■ Directions
Pictures are not part of the copy; retype all the records below exactly.

=== Begin Enclosure ===

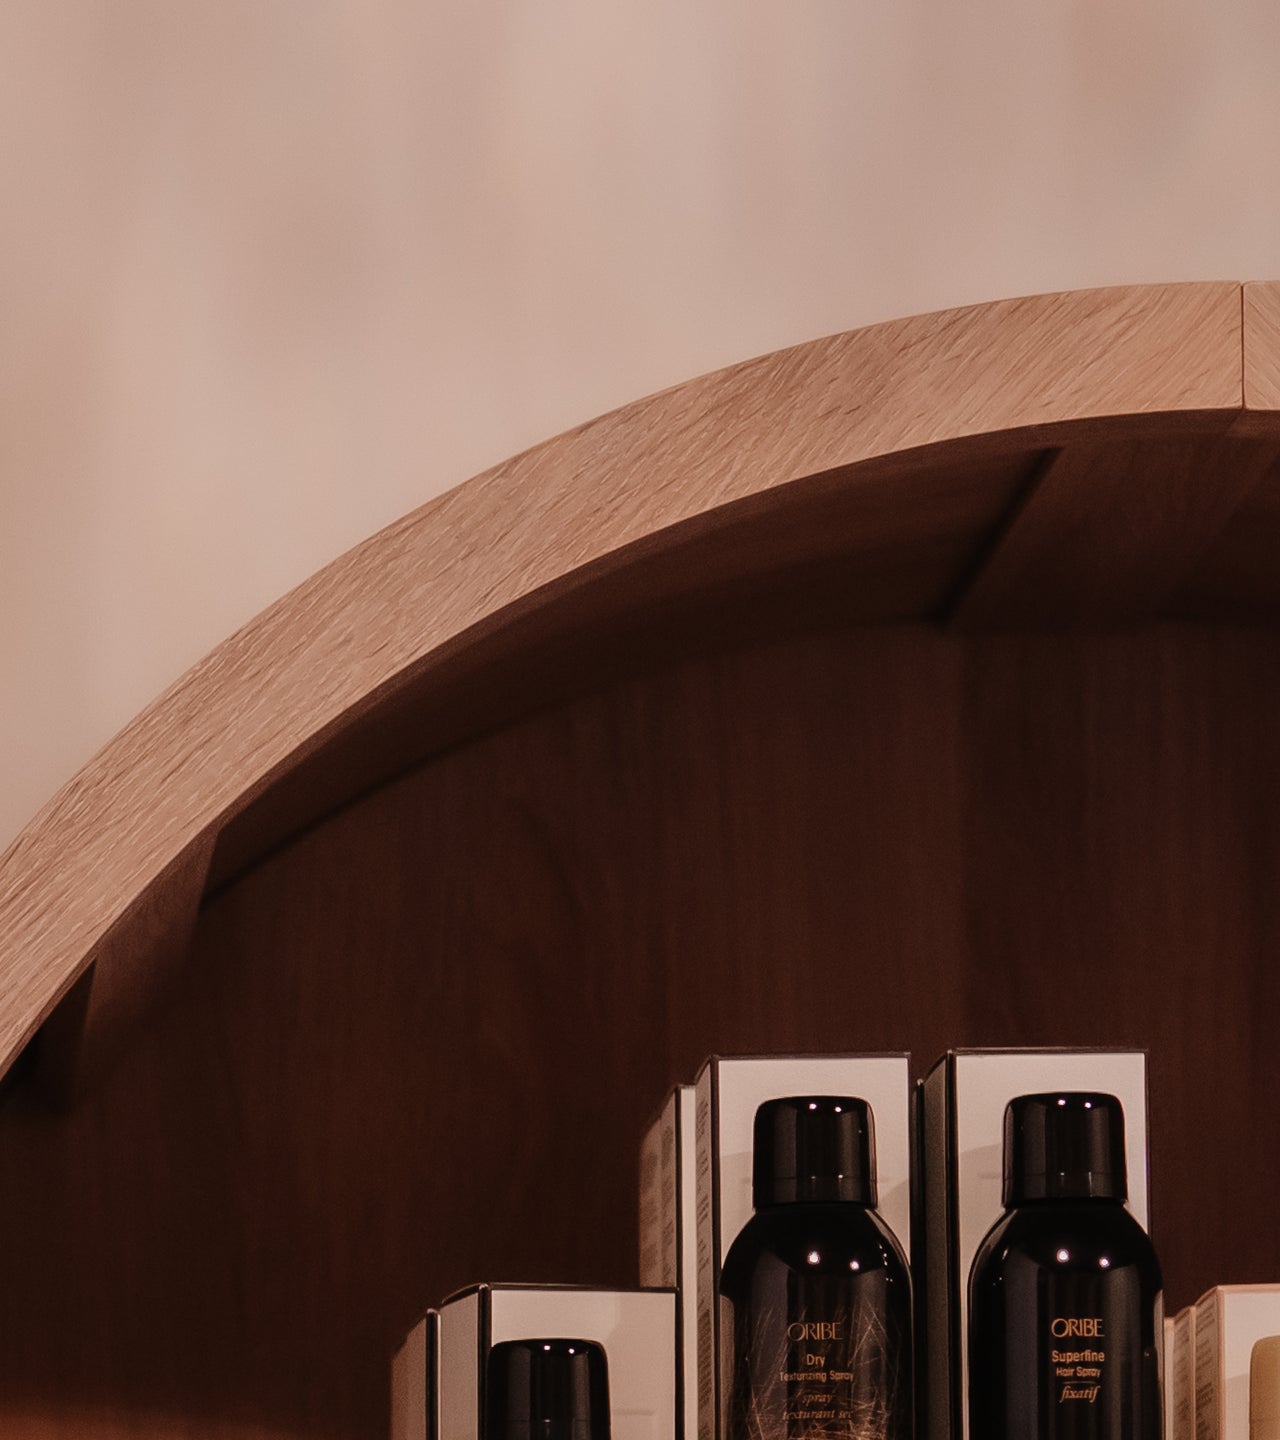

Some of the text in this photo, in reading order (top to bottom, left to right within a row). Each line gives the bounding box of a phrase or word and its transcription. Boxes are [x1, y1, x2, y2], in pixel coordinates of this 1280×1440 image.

[787, 1322, 844, 1341] ORIBE
[1051, 1318, 1106, 1338] ORIBE
[806, 1353, 826, 1367] Dry
[1051, 1348, 1106, 1364] Superfine
[1056, 1366, 1101, 1378] Hair Spray
[1059, 1385, 1102, 1403] fixatif
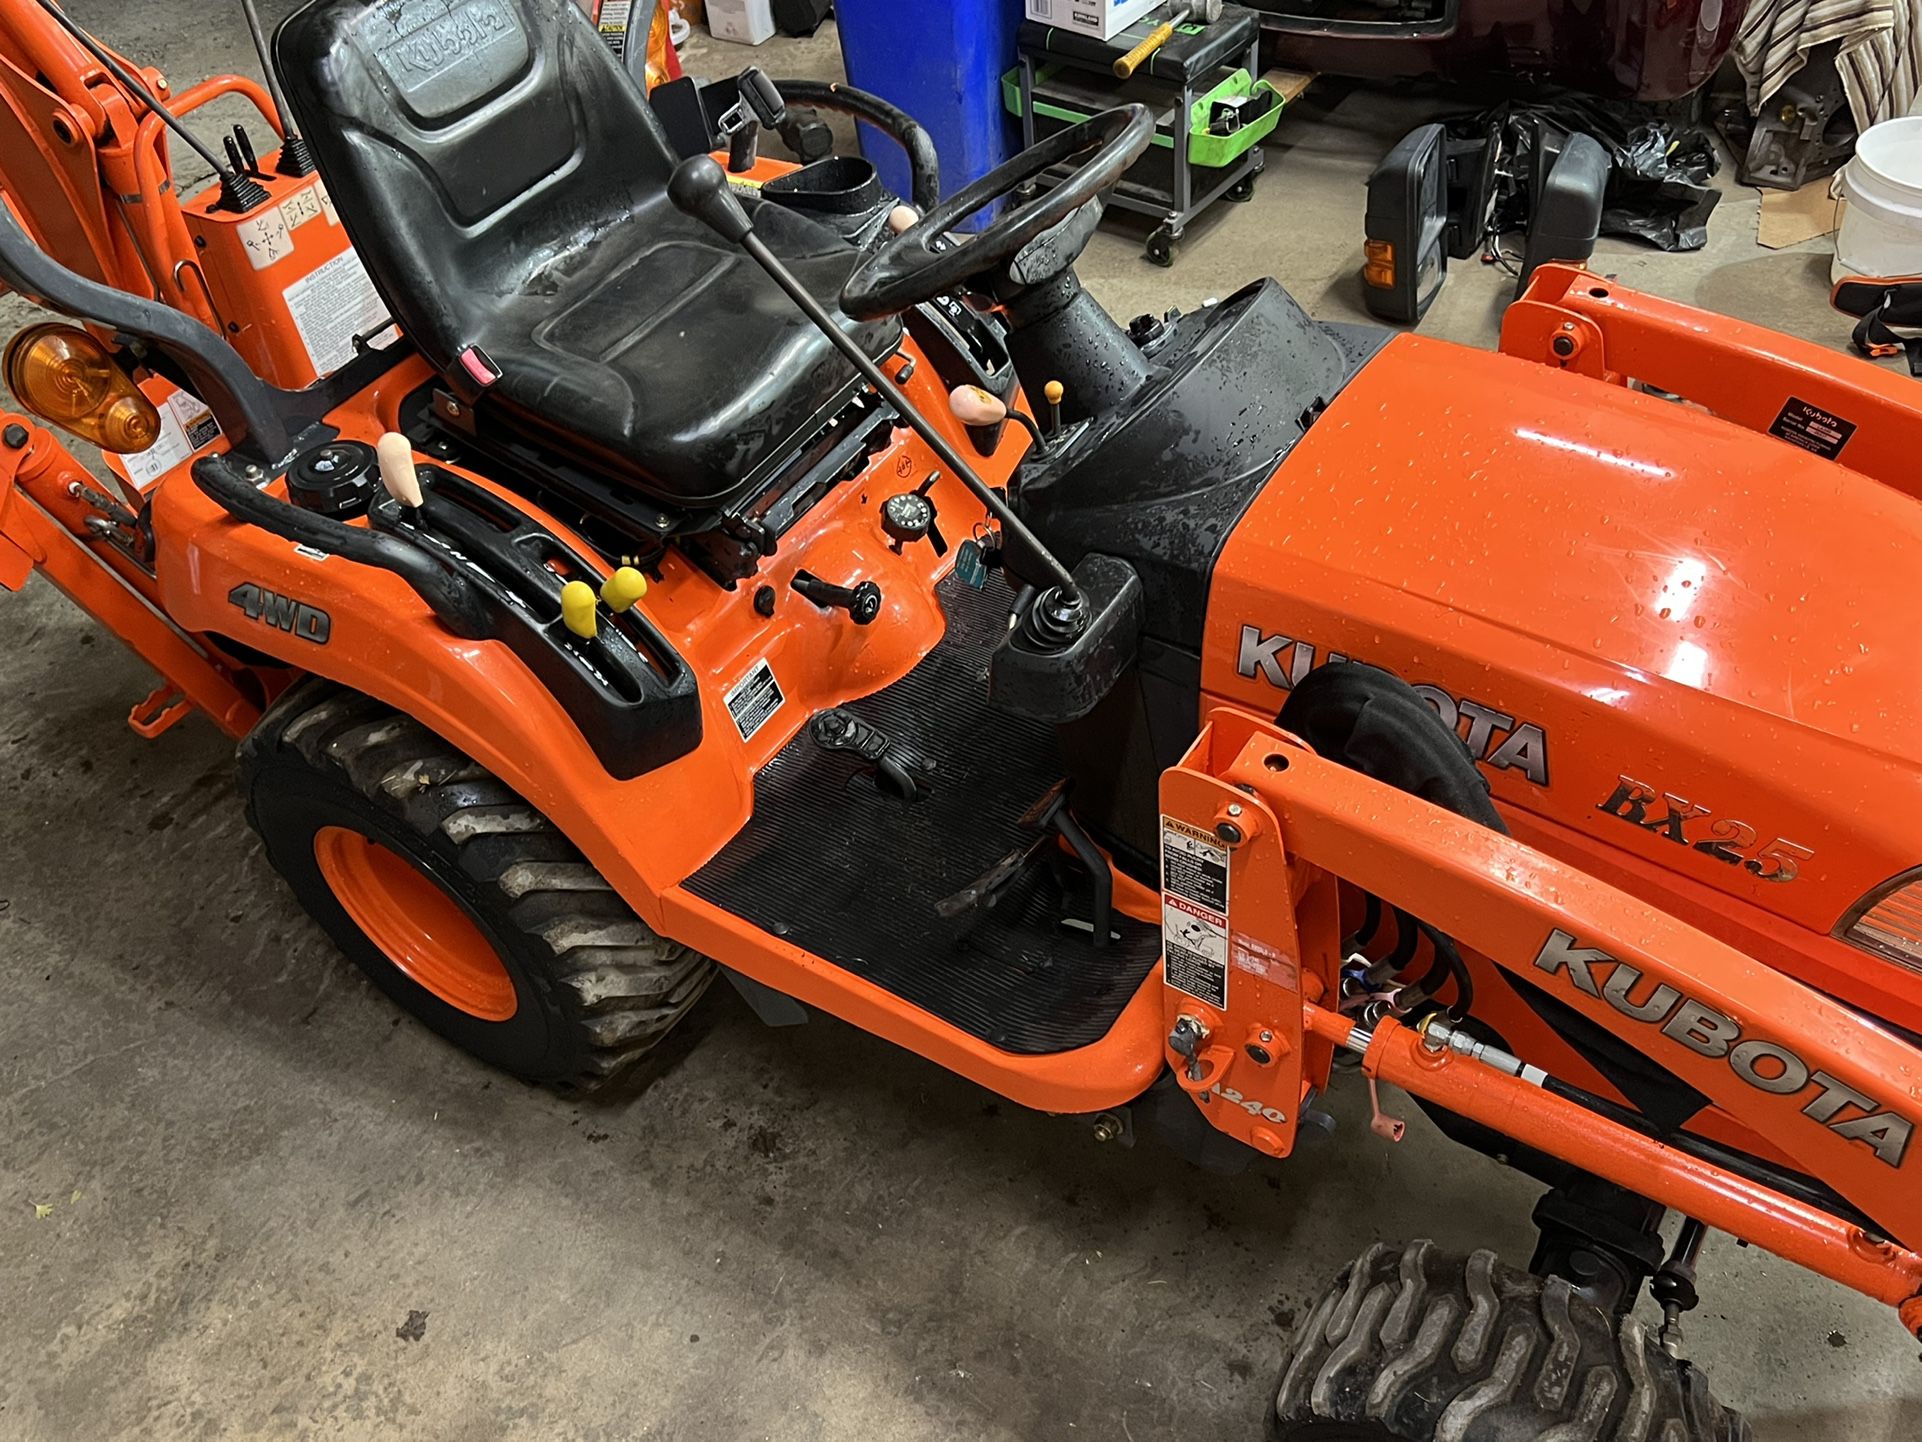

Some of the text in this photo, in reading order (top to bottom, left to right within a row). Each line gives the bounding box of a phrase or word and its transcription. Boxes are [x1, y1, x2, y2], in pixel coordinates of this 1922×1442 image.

[1802, 405, 1838, 428] Kubota
[228, 582, 331, 645] 4WD
[1175, 823, 1226, 850] WARNING
[1595, 774, 1815, 883] BX25
[1178, 901, 1223, 928] DANGER
[1534, 928, 1915, 1169] KUBOTA
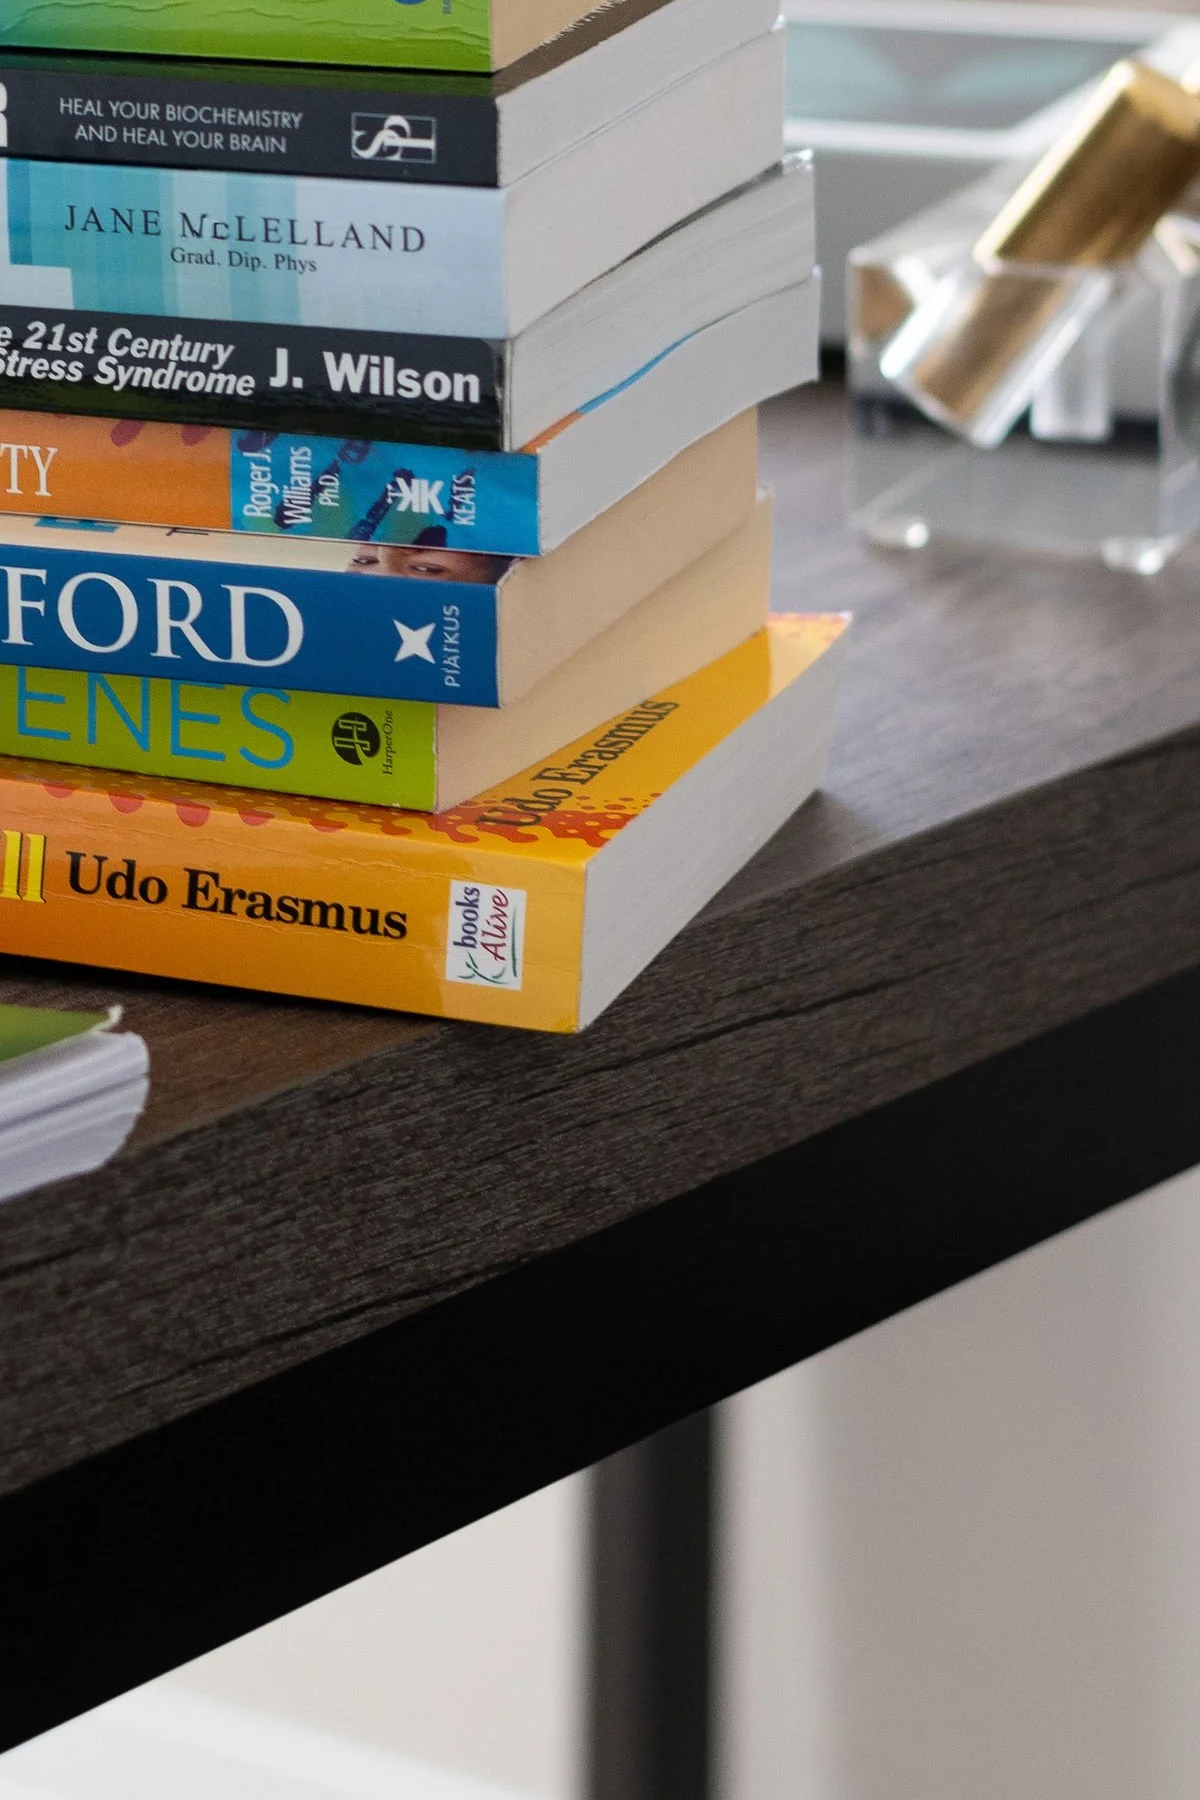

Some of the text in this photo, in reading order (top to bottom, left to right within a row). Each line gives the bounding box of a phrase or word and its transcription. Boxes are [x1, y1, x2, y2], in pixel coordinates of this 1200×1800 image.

[60, 97, 302, 130] HEAL YOUR BIOCHEMISTRY
[76, 124, 286, 153] AND HEAL YOUR BRAIN
[64, 205, 426, 252] JANE McLELLAND
[171, 247, 317, 276] Grad. Dip. Phys
[23, 322, 98, 354] 21st
[108, 328, 234, 364] Century
[94, 357, 254, 397] Syndrome
[270, 348, 479, 402] J. Wilson
[243, 463, 279, 518] Roger
[284, 446, 312, 524] Williams
[453, 468, 475, 525] KEATS
[443, 605, 460, 688] PIATKUS
[382, 710, 393, 776] HarperOne
[475, 700, 680, 828] Udo Erasmus
[69, 852, 407, 940] Udo Erasmus
[452, 886, 480, 948] books
[480, 889, 508, 961] Alive
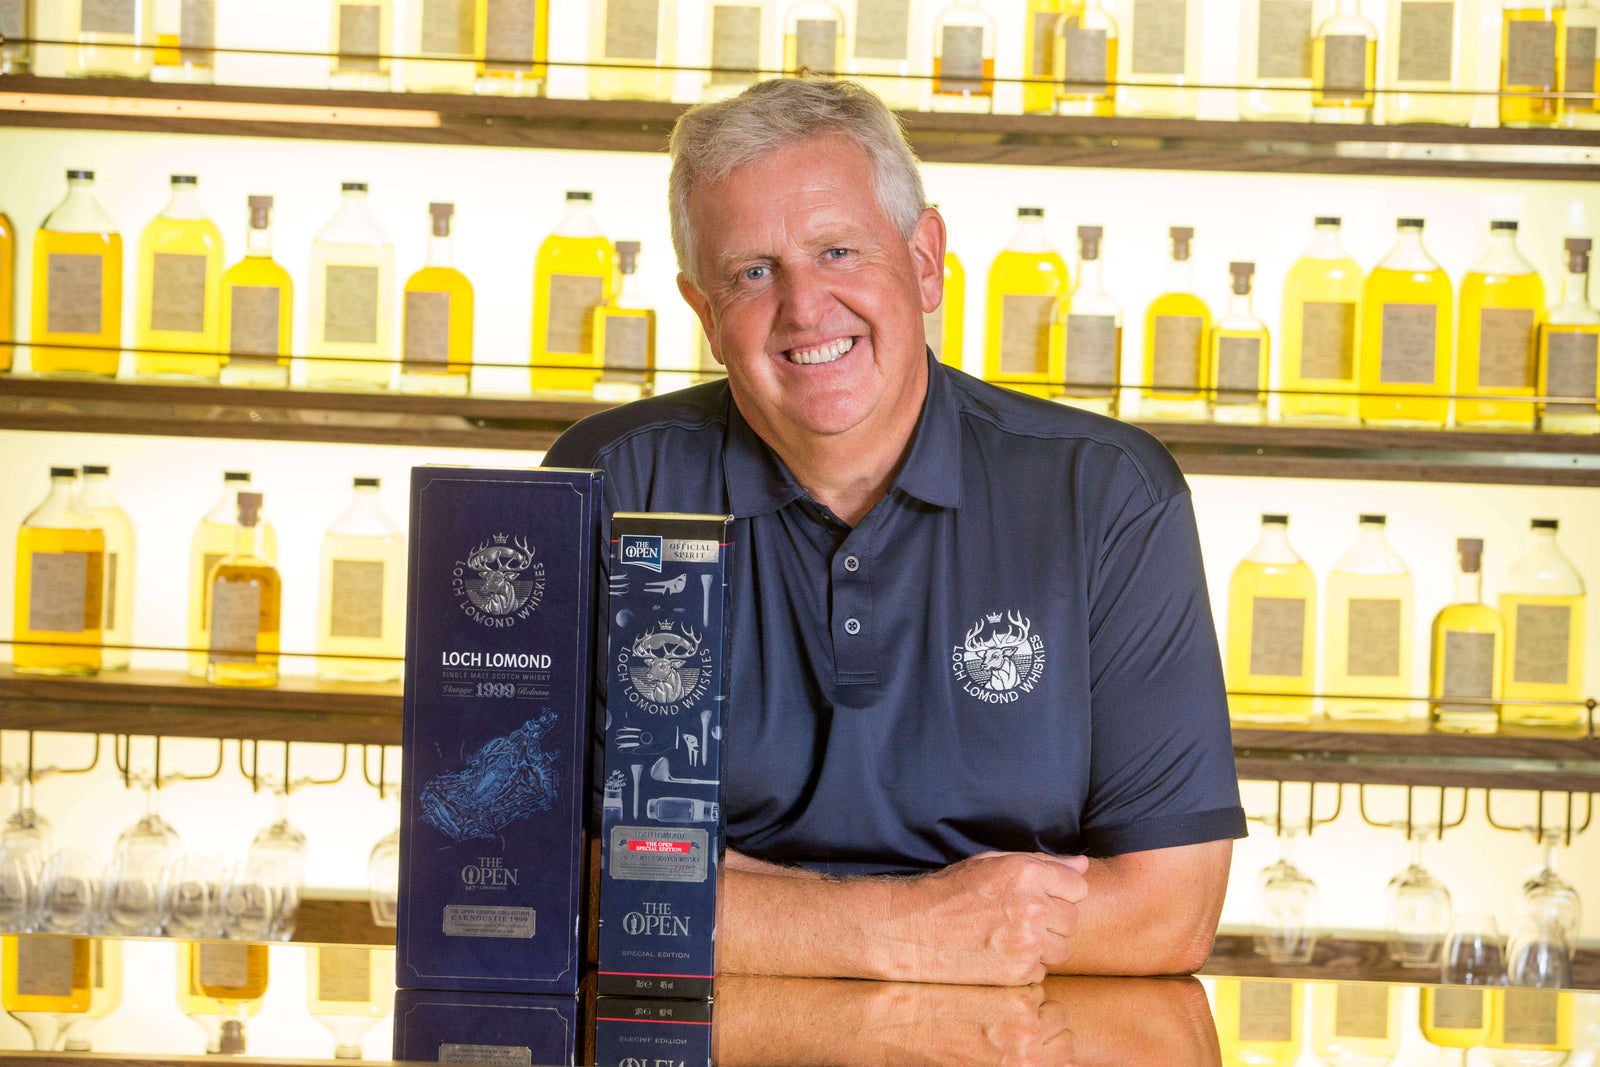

=== End Enclosure ===

■ Task solution
Some of the text in this photo, in reading order (top to bottom, left to right within a row). Each line gives the bounding box of a phrase or word and its transcription. Boxes are [x1, y1, x2, y2], in pixel coordinates of this 1280×1440 image.

[787, 1322, 844, 1341] ORIBE
[1051, 1318, 1106, 1338] ORIBE
[806, 1353, 826, 1367] Dry
[1051, 1348, 1106, 1364] Superfine
[1056, 1366, 1101, 1378] Hair Spray
[1059, 1385, 1102, 1403] fixatif

Some of the text in this photo, in reading order (top to bottom, left to right within a row). Each line gives the bounding box of a phrase or word and its transcription. Boxes are [x1, y1, x2, y2], in pixel coordinates of this 1922×1442 image.

[1802, 405, 1838, 428] Kubota
[228, 582, 331, 645] 4WD
[1175, 823, 1226, 850] WARNING
[1595, 774, 1815, 883] BX25
[1178, 901, 1223, 928] DANGER
[1534, 928, 1915, 1169] KUBOTA

Some of the text in this photo, in reading order (top to bottom, left to right within a row). Each line gives the bounding box of a phrase or word and its transcription. Boxes are [x1, y1, x2, y2], in pixel coordinates of this 1200×1800 image.

[60, 97, 302, 130] HEAL YOUR BIOCHEMISTRY
[76, 124, 286, 153] AND HEAL YOUR BRAIN
[64, 205, 426, 252] JANE McLELLAND
[171, 247, 317, 276] Grad. Dip. Phys
[23, 322, 98, 354] 21st
[108, 328, 234, 364] Century
[94, 357, 254, 397] Syndrome
[270, 348, 479, 402] J. Wilson
[243, 463, 279, 518] Roger
[284, 446, 312, 524] Williams
[453, 468, 475, 525] KEATS
[443, 605, 460, 688] PIATKUS
[382, 710, 393, 776] HarperOne
[475, 700, 680, 828] Udo Erasmus
[69, 852, 407, 940] Udo Erasmus
[452, 886, 480, 948] books
[480, 889, 508, 961] Alive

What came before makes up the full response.